El tono de Sydes era inquieto y agresivo.

—¿Sabes lo que quiere este hombre salvaje, Joan? —rio Carlotta Naesmith—. Insiste en que marche con él a la isla de Cocos y bucee en la bahía de Wafer en busca del tesoro del Mary Dear.

—¡Eso sería maravilloso!

En la voz de Joan Rexon había un patético anhelo.

—¡Querida chiquilla!

El acento de la otra se dulcificó.

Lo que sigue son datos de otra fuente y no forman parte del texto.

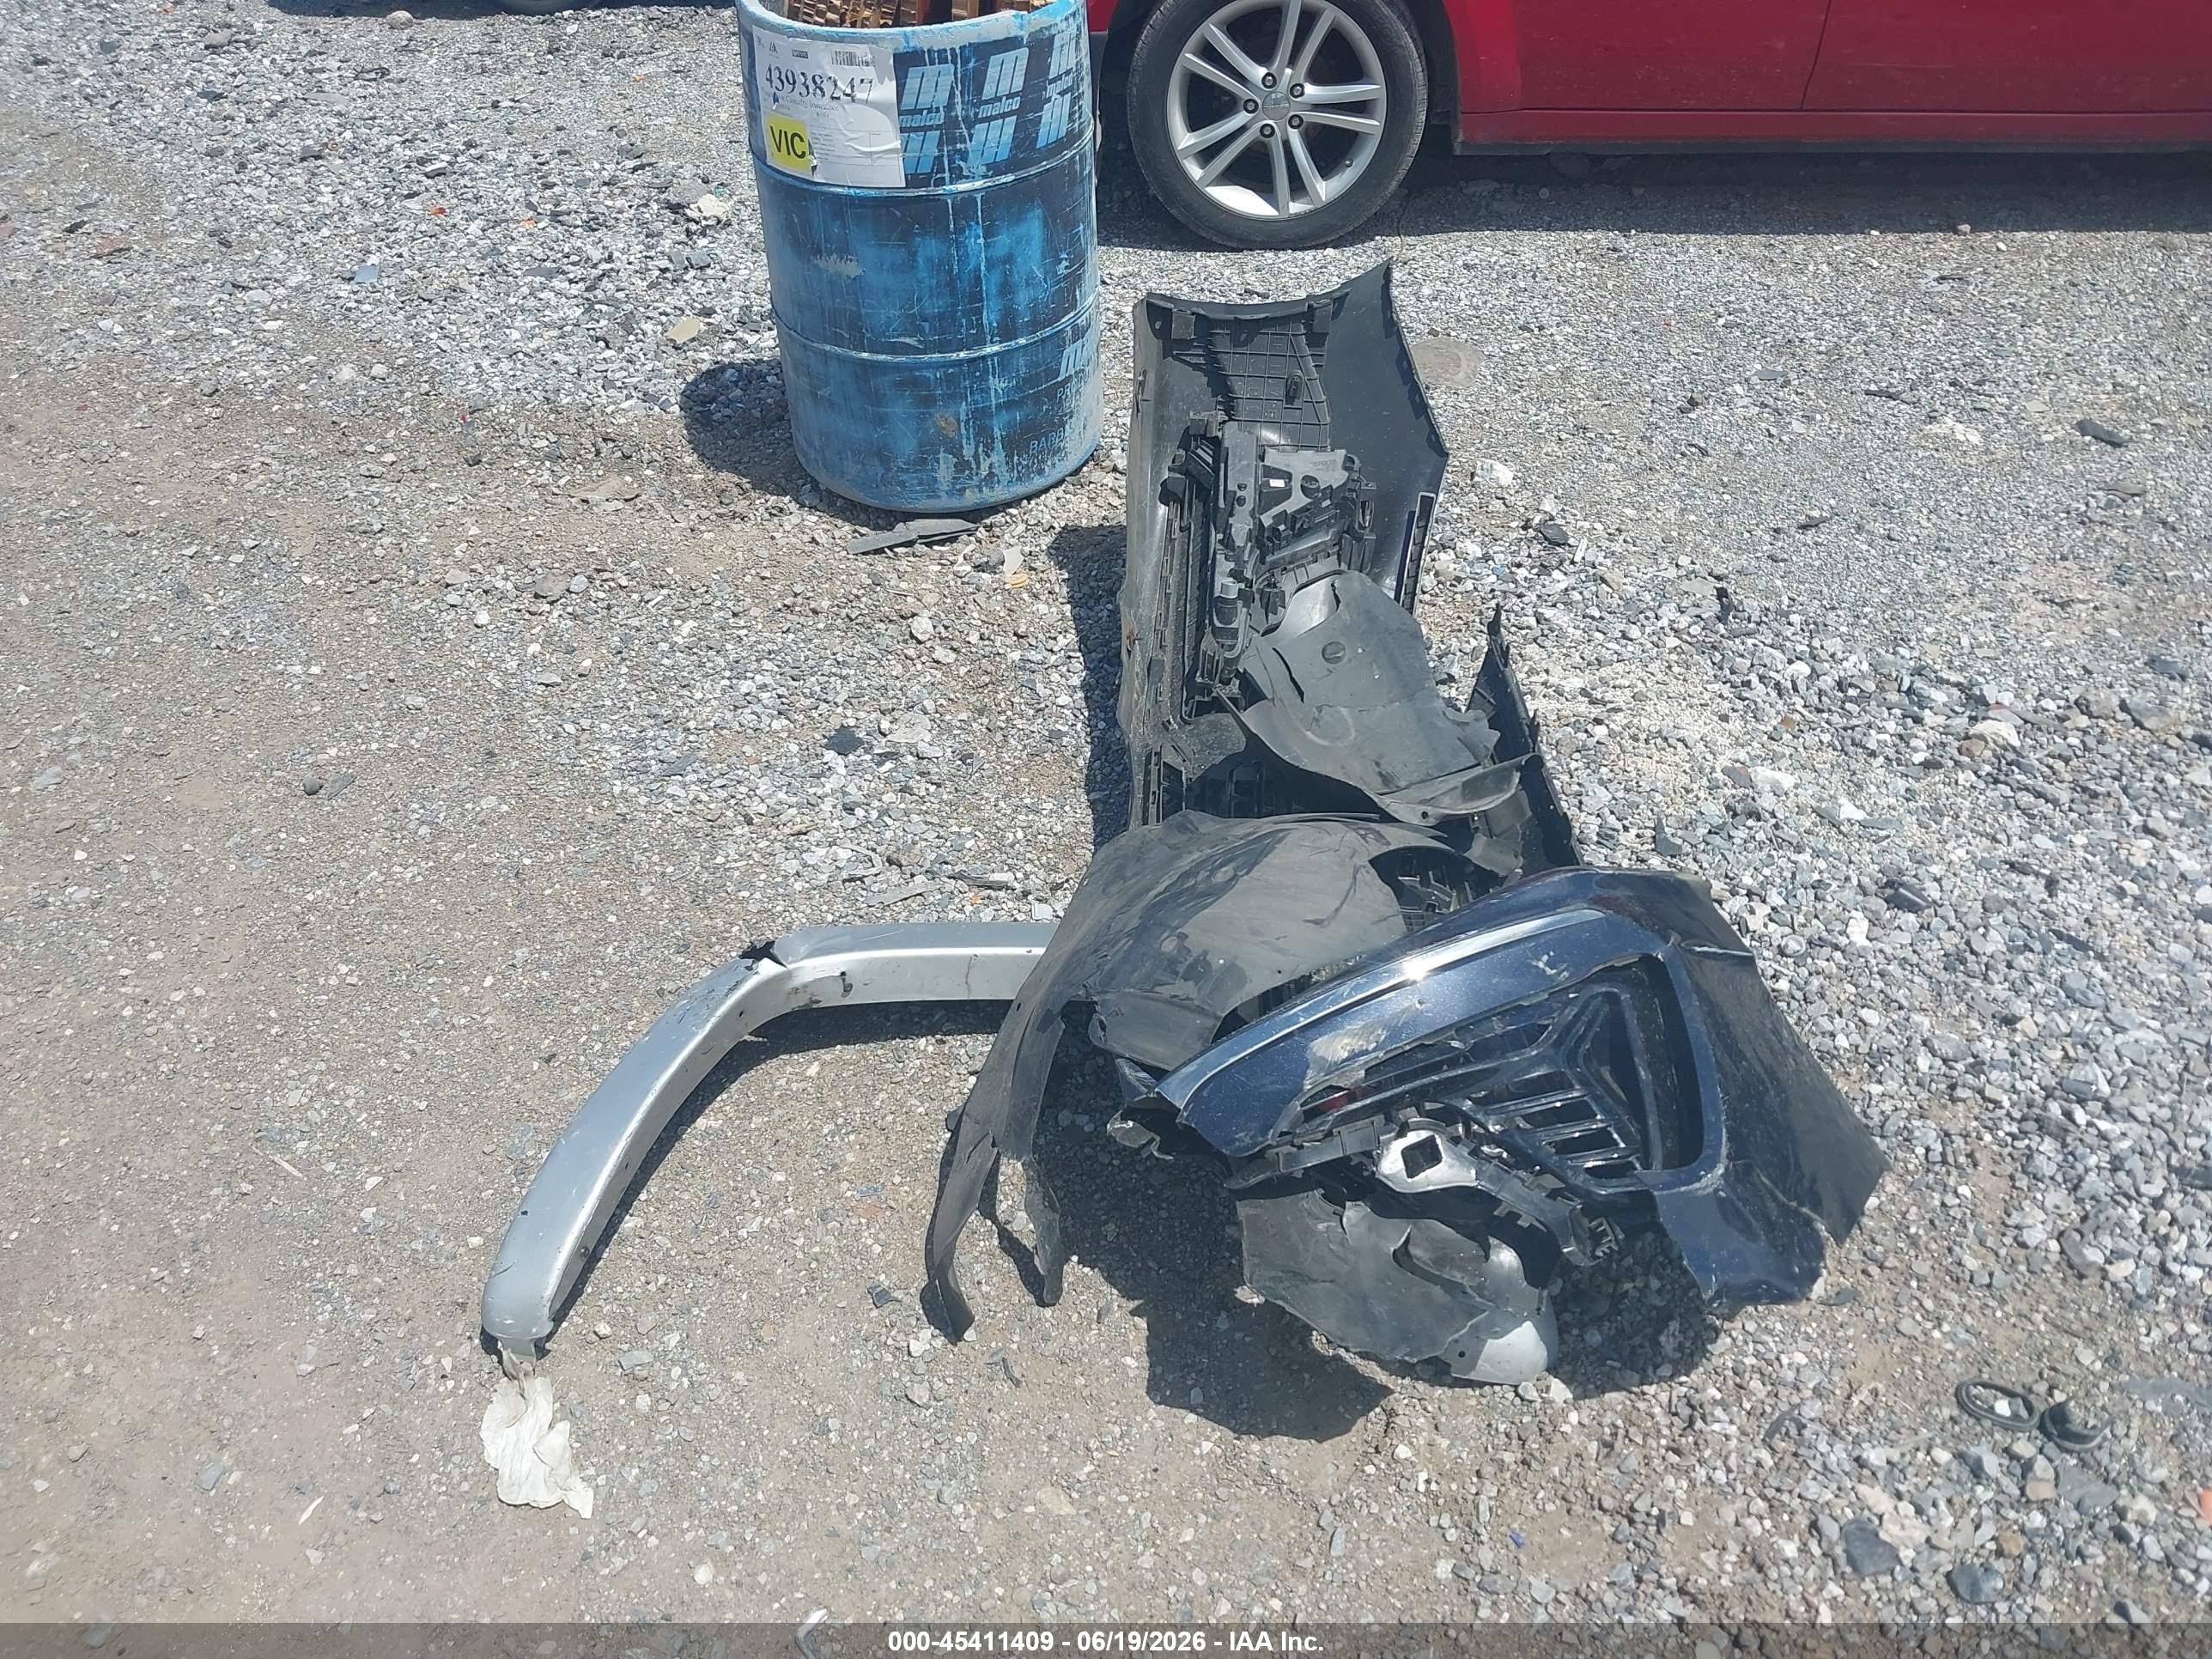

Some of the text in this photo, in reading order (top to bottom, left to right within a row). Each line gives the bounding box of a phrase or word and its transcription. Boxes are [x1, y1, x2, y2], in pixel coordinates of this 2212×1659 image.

[766, 64, 873, 103] 43938247
[899, 109, 944, 127] malco
[979, 96, 1020, 118] malco
[769, 125, 806, 159] VIC

Luego marchó hacia la escalera, y Sydes la siguió.

Poco después llegó Marcia Bruce.

—Puede usted marchar a casa, Ella. Yo me encargaré de nuestra pequeña.

Vance se levantó.

—Y yo acompañaré a su casa a miss Ella.

Me di cuenta de que sentía una gran compasión por la muchacha que no podía tomar parte en la alegre y despreocupada vida que latía a su alrededor. Y comprendí también por qué quería acompañarla a su casa. Deseaba animarla y distraerla, de manera que la herida causada por las palabras de miss Naesmith pudiera ser olvidadas.